Work request — When you restate the data, keep every word as it is and drop the images.

[Dataset entries]

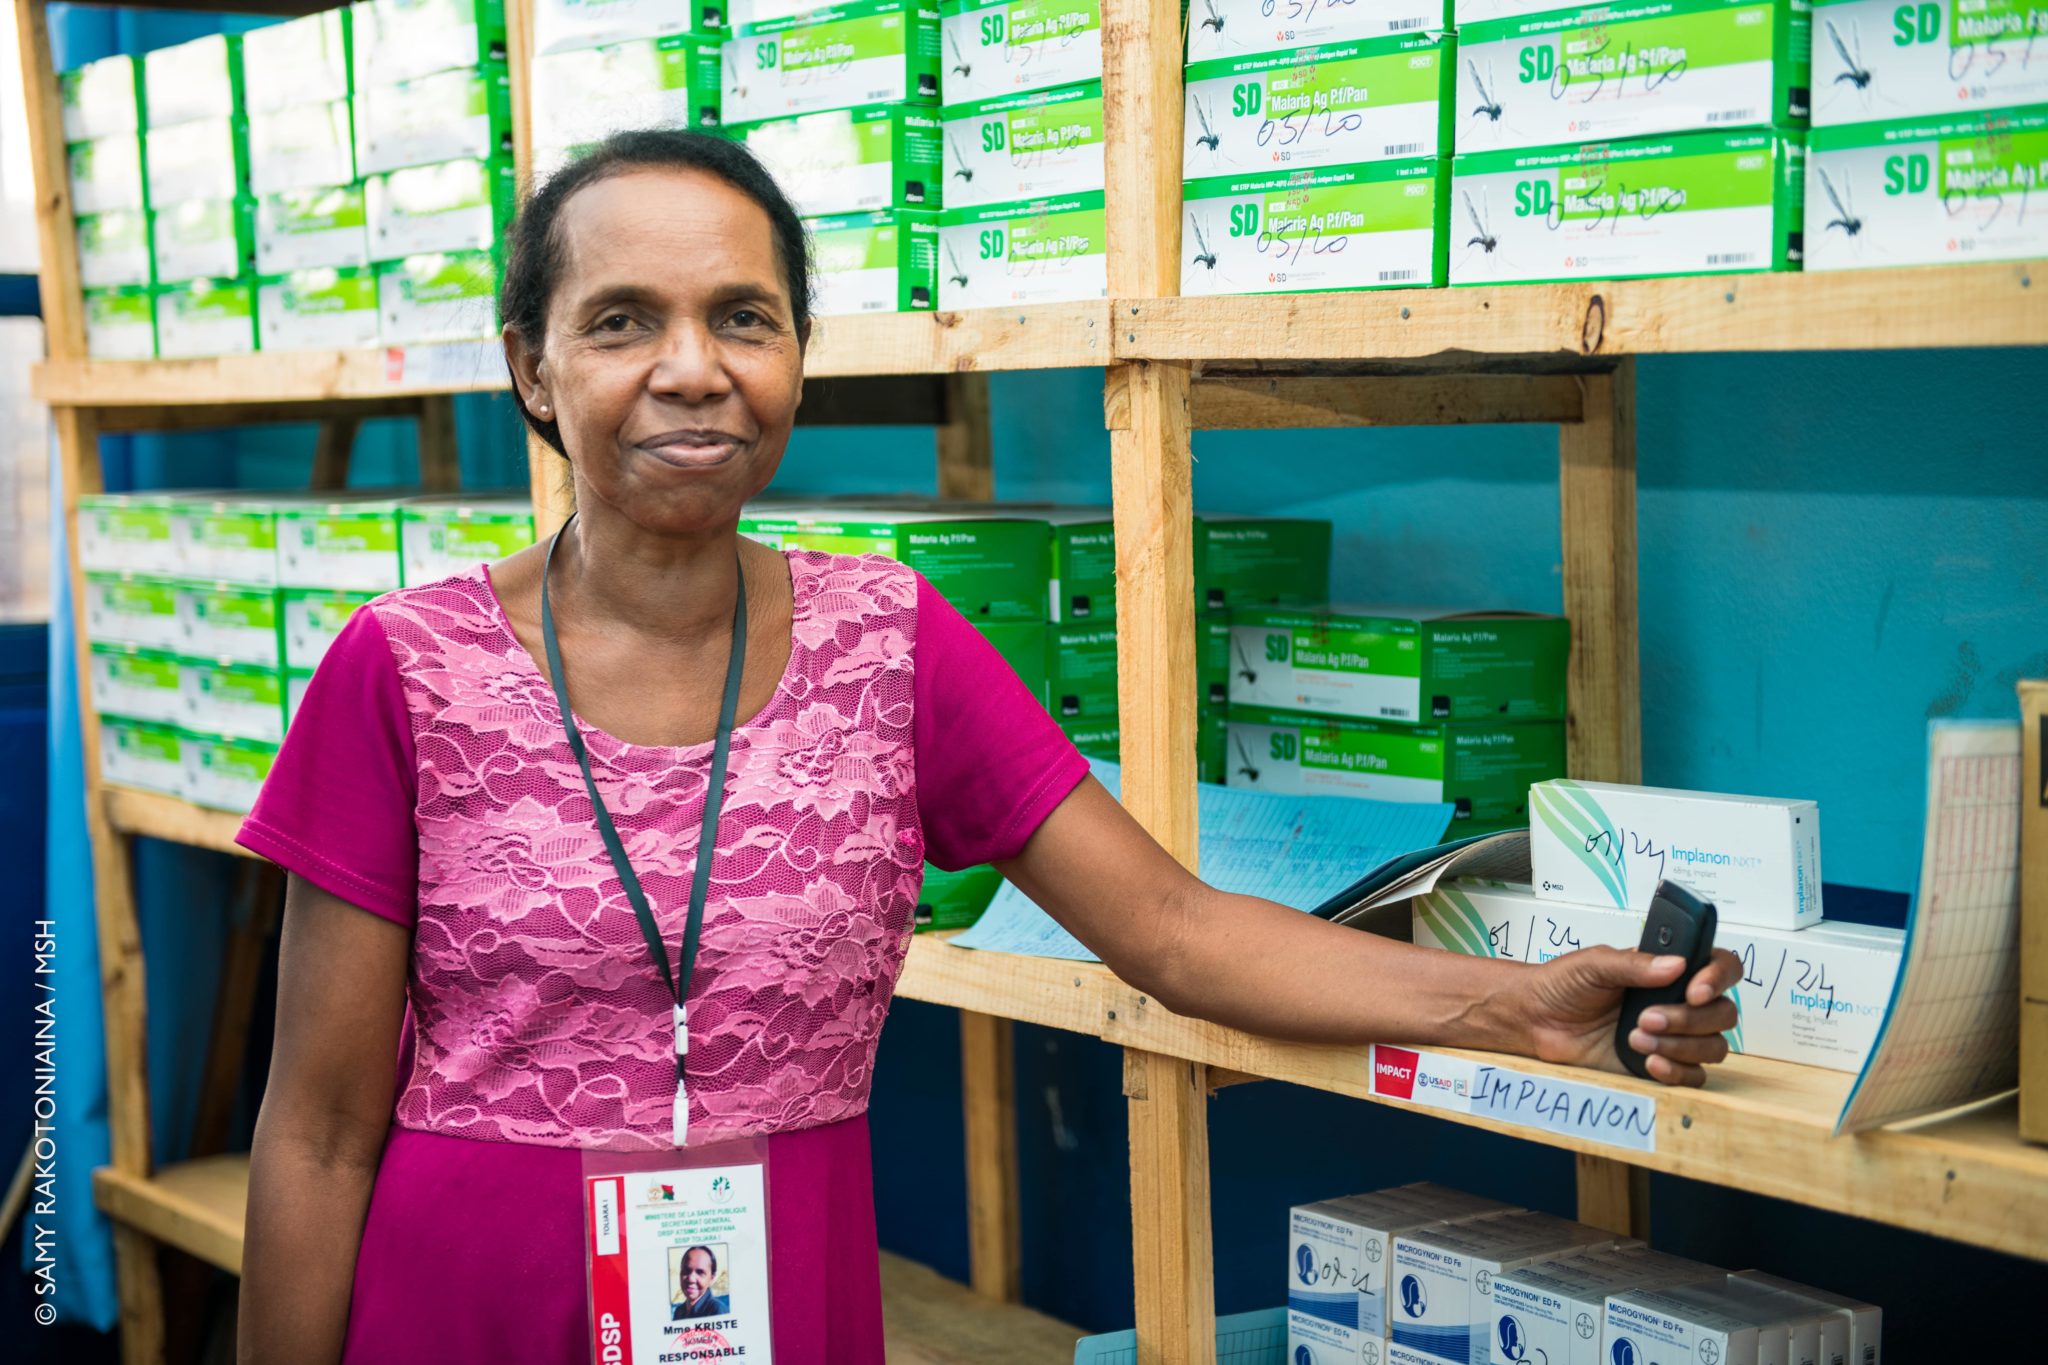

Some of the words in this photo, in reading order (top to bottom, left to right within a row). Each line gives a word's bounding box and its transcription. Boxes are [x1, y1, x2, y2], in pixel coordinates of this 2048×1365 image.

[981, 14, 1004, 46] SD
[1012, 22, 1044, 39] Malaria
[1894, 2, 1941, 46] SD
[1958, 12, 2022, 38] Malaria
[756, 42, 776, 70] SD
[1519, 44, 1554, 84] SD
[1567, 55, 1615, 77] Malaria
[1618, 50, 1636, 73] Ag
[1232, 82, 1262, 118] SD
[1271, 92, 1310, 112] Malaria
[1313, 90, 1328, 108] Ag
[1257, 104, 1362, 147] 05/20
[982, 122, 1004, 152] SD
[1012, 130, 1045, 148] Malaria
[1280, 152, 1291, 161] SD
[1884, 154, 1929, 196] SD
[1946, 166, 2008, 188] Malaria
[1514, 180, 1552, 217] SD
[1564, 192, 1614, 214] Malaria
[1618, 188, 1636, 212] Ag
[1230, 204, 1259, 237] SD
[1268, 216, 1306, 233] Malaria
[1310, 214, 1324, 232] Ag
[980, 230, 1004, 260] SD
[1012, 240, 1044, 256] Malaria
[1257, 222, 1348, 266] 05/20
[910, 534, 938, 544] Malaria
[940, 534, 950, 545] Ag
[1266, 634, 1288, 662] SD
[1433, 632, 1460, 642] Malaria
[1462, 632, 1472, 644] Ag
[1296, 650, 1326, 665] Malaria
[1328, 652, 1340, 668] Ag
[1270, 732, 1296, 761] SD
[1456, 736, 1482, 745] Malaria
[1483, 736, 1492, 746] Ag
[1305, 750, 1339, 765] Malaria
[1342, 752, 1353, 768] Ag
[1672, 845, 1730, 866] Implanon
[1790, 989, 1853, 1013] Implanon
[1376, 1062, 1412, 1080] IMPACT
[1428, 1076, 1452, 1088] USAID
[1471, 1067, 1656, 1137] IMPLANON
[602, 1204, 610, 1236] TOLIARA
[645, 1212, 676, 1220] MINISTERE
[688, 1210, 696, 1218] LA
[718, 1206, 747, 1215] PUBLIQUE
[661, 1220, 702, 1228] SECRETARIAT
[1336, 1226, 1345, 1234] ED
[1346, 1228, 1353, 1236] Fe
[1444, 1256, 1452, 1264] ED
[1454, 1258, 1462, 1268] Fe
[1542, 1296, 1552, 1306] ED
[1553, 1300, 1561, 1310] Fe
[664, 1326, 690, 1336] Mme
[694, 1320, 738, 1332] KRISTE
[1334, 1327, 1342, 1336] ED
[1343, 1330, 1350, 1338] Fe
[1663, 1320, 1674, 1330] ED
[1674, 1324, 1684, 1334] Fe
[600, 1312, 622, 1365] DSP
[659, 1346, 746, 1363] RESPONSABLE
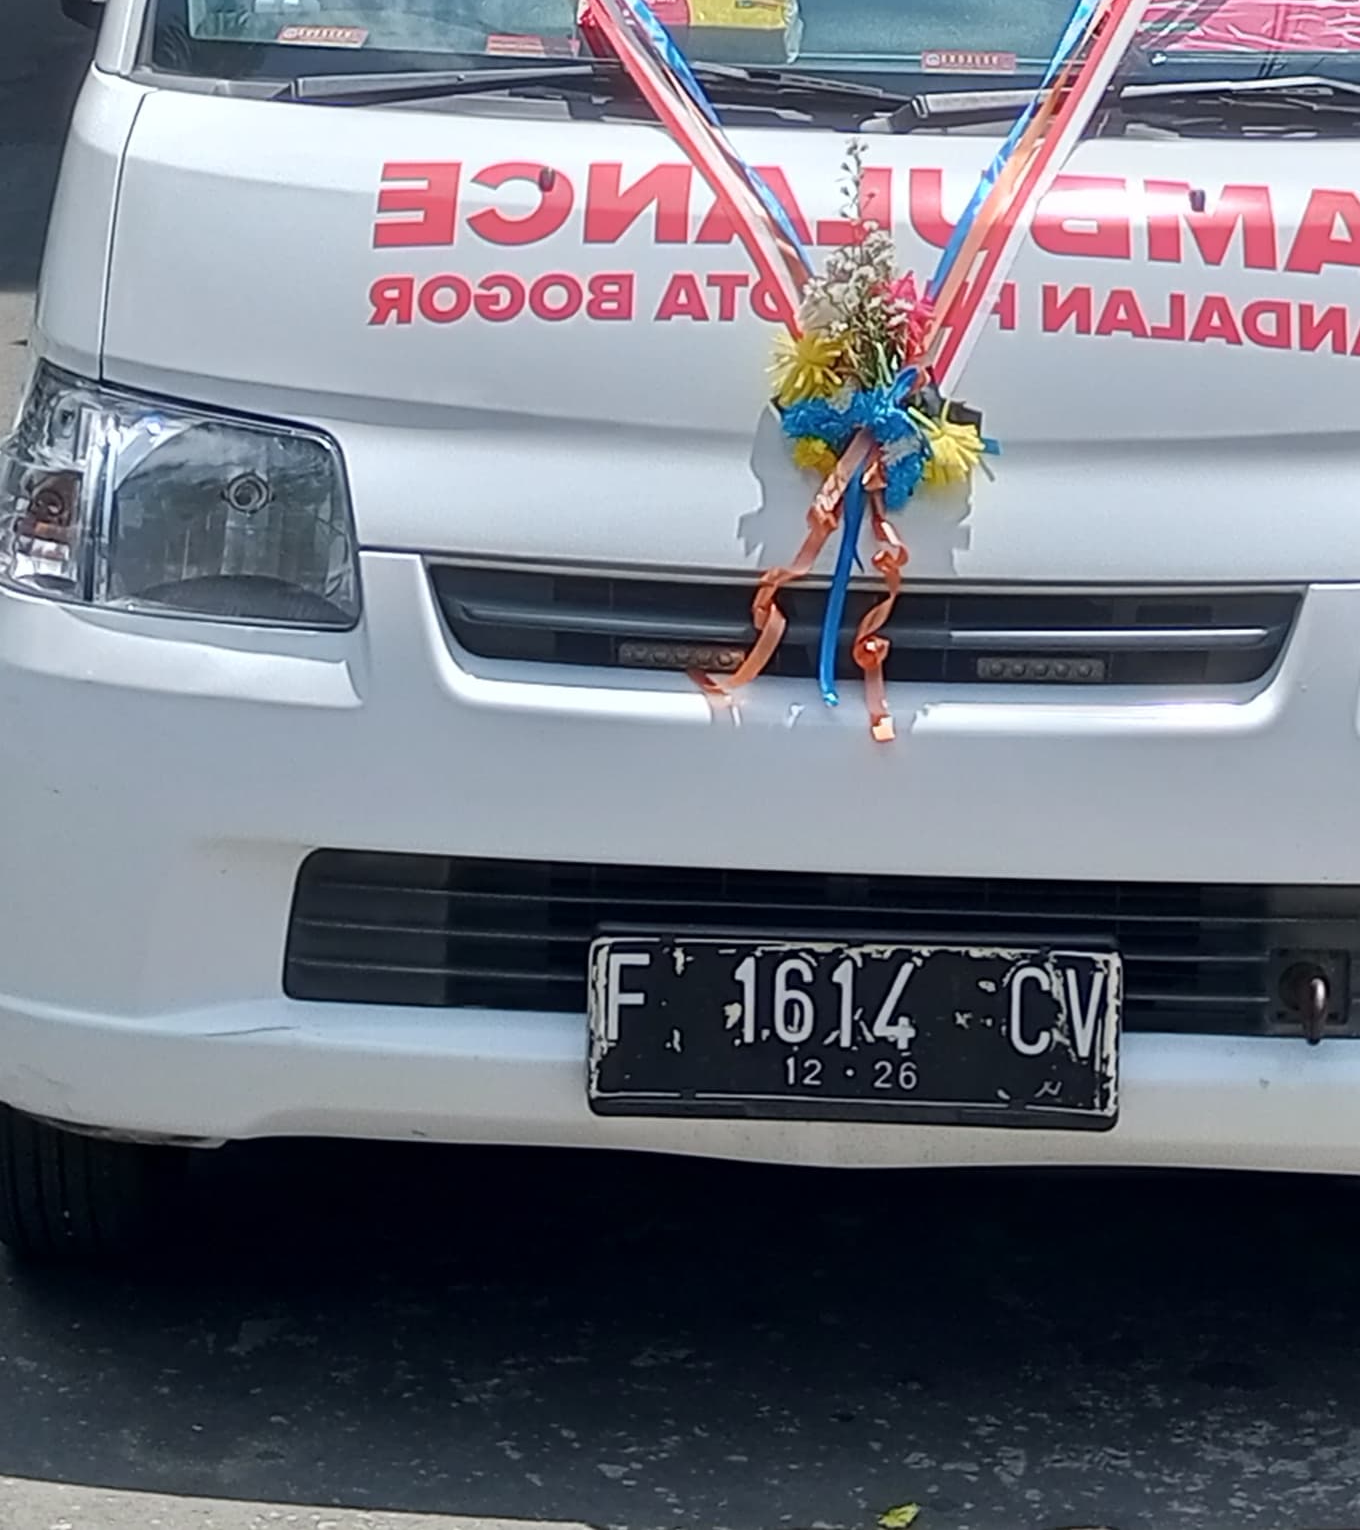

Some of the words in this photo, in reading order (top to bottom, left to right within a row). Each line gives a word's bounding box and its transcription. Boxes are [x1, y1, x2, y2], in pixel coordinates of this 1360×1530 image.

[606, 952, 651, 1042] F
[734, 956, 917, 1051] 1614
[1010, 966, 1105, 1058] CV
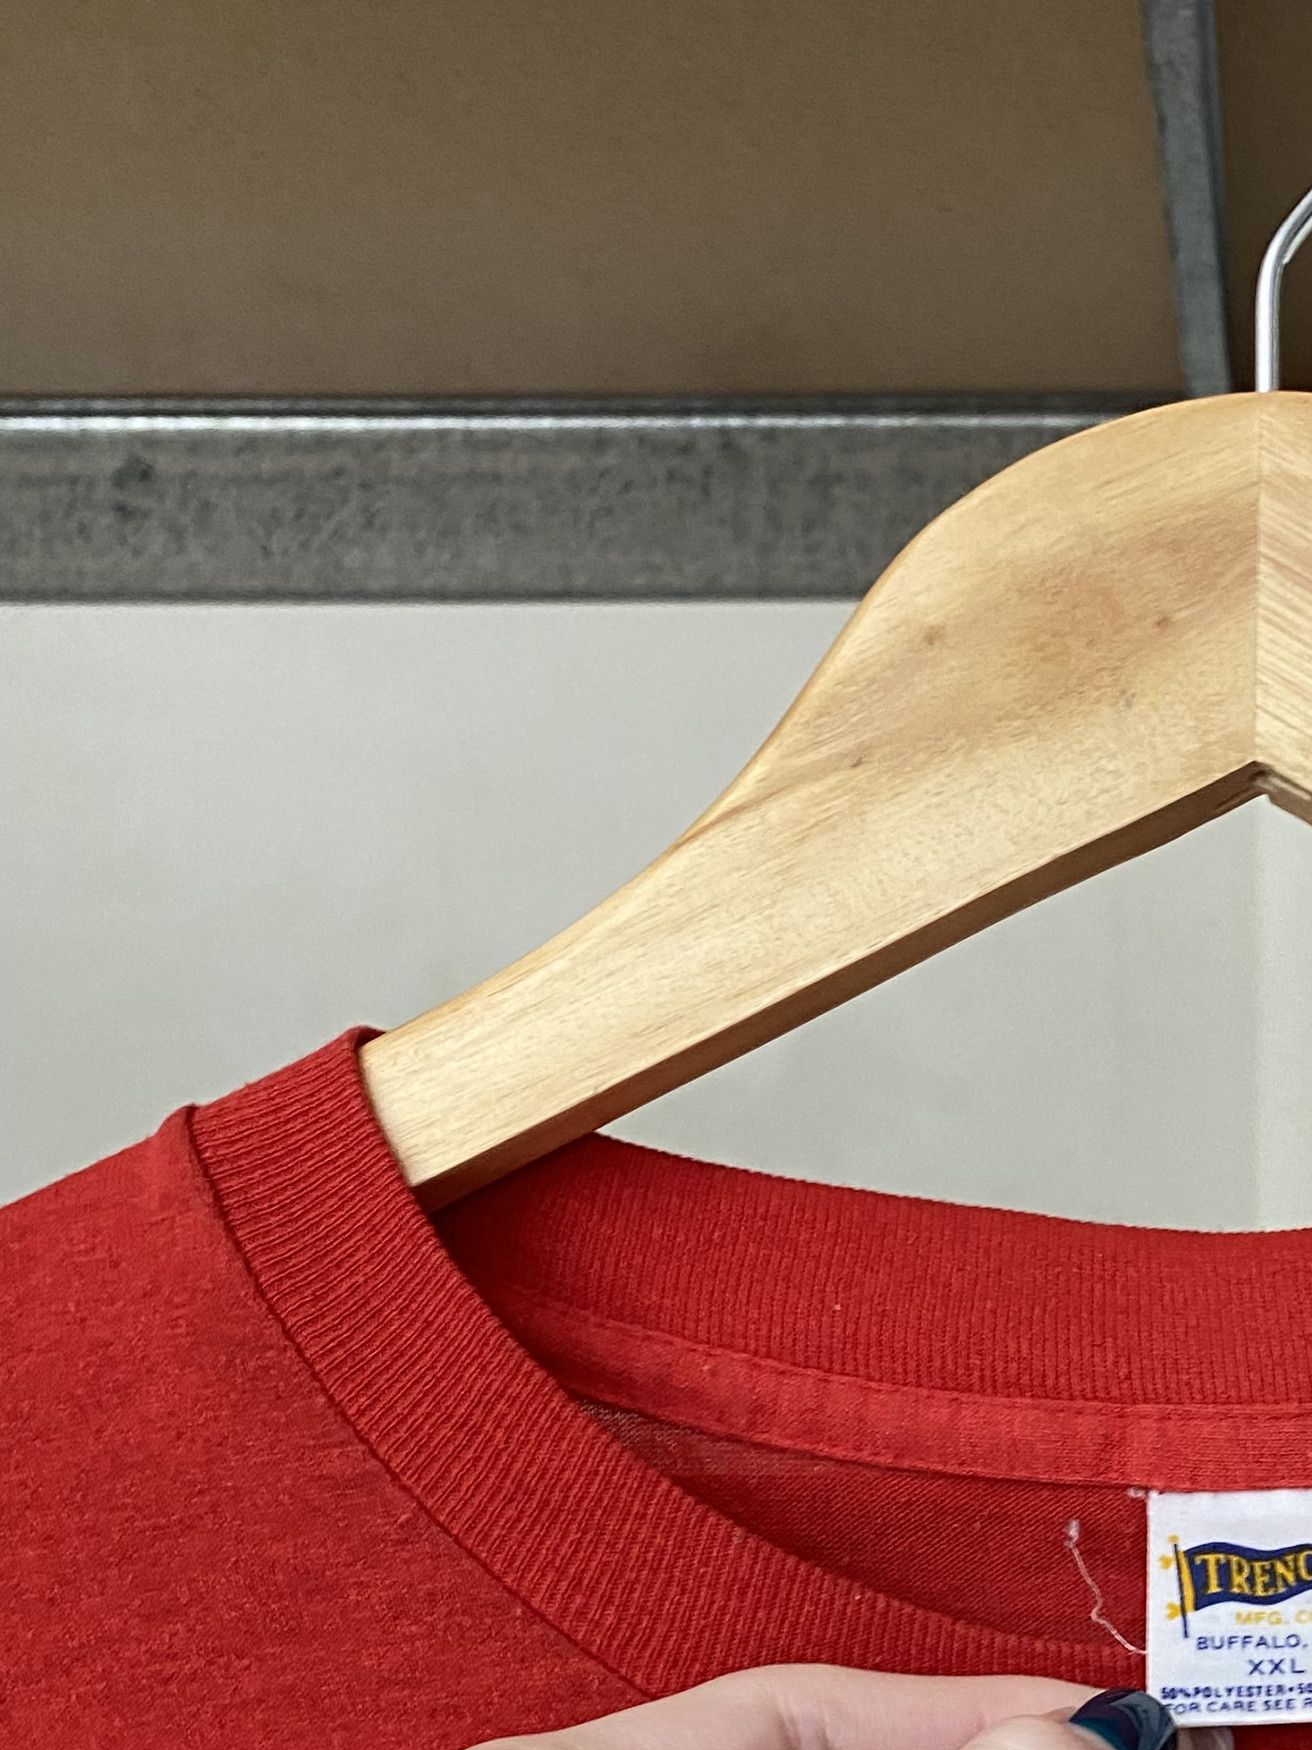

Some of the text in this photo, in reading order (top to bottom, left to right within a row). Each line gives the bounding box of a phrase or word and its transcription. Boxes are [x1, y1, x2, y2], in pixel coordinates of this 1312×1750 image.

Output of the task —
Some of the words in this photo, in reading order (top to bottom, left to right within a row). Each line gives a word's bounding box and its transcription. Boxes are [x1, y1, x2, y2], in pixel coordinates of this 2048×1365 image.

[981, 14, 1004, 46] SD
[1012, 22, 1044, 39] Malaria
[1894, 2, 1941, 46] SD
[1958, 12, 2022, 38] Malaria
[756, 42, 776, 70] SD
[1519, 44, 1554, 84] SD
[1567, 55, 1615, 77] Malaria
[1618, 50, 1636, 73] Ag
[1232, 82, 1262, 118] SD
[1271, 92, 1310, 112] Malaria
[1313, 90, 1328, 108] Ag
[1257, 104, 1362, 147] 05/20
[982, 122, 1004, 152] SD
[1012, 130, 1045, 148] Malaria
[1280, 152, 1291, 161] SD
[1884, 154, 1929, 196] SD
[1946, 166, 2008, 188] Malaria
[1514, 180, 1552, 217] SD
[1564, 192, 1614, 214] Malaria
[1618, 188, 1636, 212] Ag
[1230, 204, 1259, 237] SD
[1268, 216, 1306, 233] Malaria
[1310, 214, 1324, 232] Ag
[980, 230, 1004, 260] SD
[1012, 240, 1044, 256] Malaria
[1257, 222, 1348, 266] 05/20
[910, 534, 938, 544] Malaria
[940, 534, 950, 545] Ag
[1266, 634, 1288, 662] SD
[1433, 632, 1460, 642] Malaria
[1462, 632, 1472, 644] Ag
[1296, 650, 1326, 665] Malaria
[1328, 652, 1340, 668] Ag
[1270, 732, 1296, 761] SD
[1456, 736, 1482, 745] Malaria
[1483, 736, 1492, 746] Ag
[1305, 750, 1339, 765] Malaria
[1342, 752, 1353, 768] Ag
[1672, 845, 1730, 866] Implanon
[1790, 989, 1853, 1013] Implanon
[1376, 1062, 1412, 1080] IMPACT
[1428, 1076, 1452, 1088] USAID
[1471, 1067, 1656, 1137] IMPLANON
[602, 1204, 610, 1236] TOLIARA
[645, 1212, 676, 1220] MINISTERE
[688, 1210, 696, 1218] LA
[718, 1206, 747, 1215] PUBLIQUE
[661, 1220, 702, 1228] SECRETARIAT
[1336, 1226, 1345, 1234] ED
[1346, 1228, 1353, 1236] Fe
[1444, 1256, 1452, 1264] ED
[1454, 1258, 1462, 1268] Fe
[1542, 1296, 1552, 1306] ED
[1553, 1300, 1561, 1310] Fe
[664, 1326, 690, 1336] Mme
[694, 1320, 738, 1332] KRISTE
[1334, 1327, 1342, 1336] ED
[1343, 1330, 1350, 1338] Fe
[1663, 1320, 1674, 1330] ED
[1674, 1324, 1684, 1334] Fe
[600, 1312, 622, 1365] DSP
[659, 1346, 746, 1363] RESPONSABLE

Some of the words in this photo, in reading order (top to bottom, left to right within a row). Each line gives a word's bounding box and its transcription. Boxes are [x1, y1, x2, y2], in pixel coordinates of this 1360×1530 image.

[606, 952, 651, 1042] F
[734, 956, 917, 1051] 1614
[1010, 966, 1105, 1058] CV

Some of the text in this photo, in reading order (top to bottom, left to right within a row). Each line gives the bounding box of a phrase or word and its transcription. Boxes are [x1, y1, x2, y2], in pixel coordinates of this 1312×1750 image.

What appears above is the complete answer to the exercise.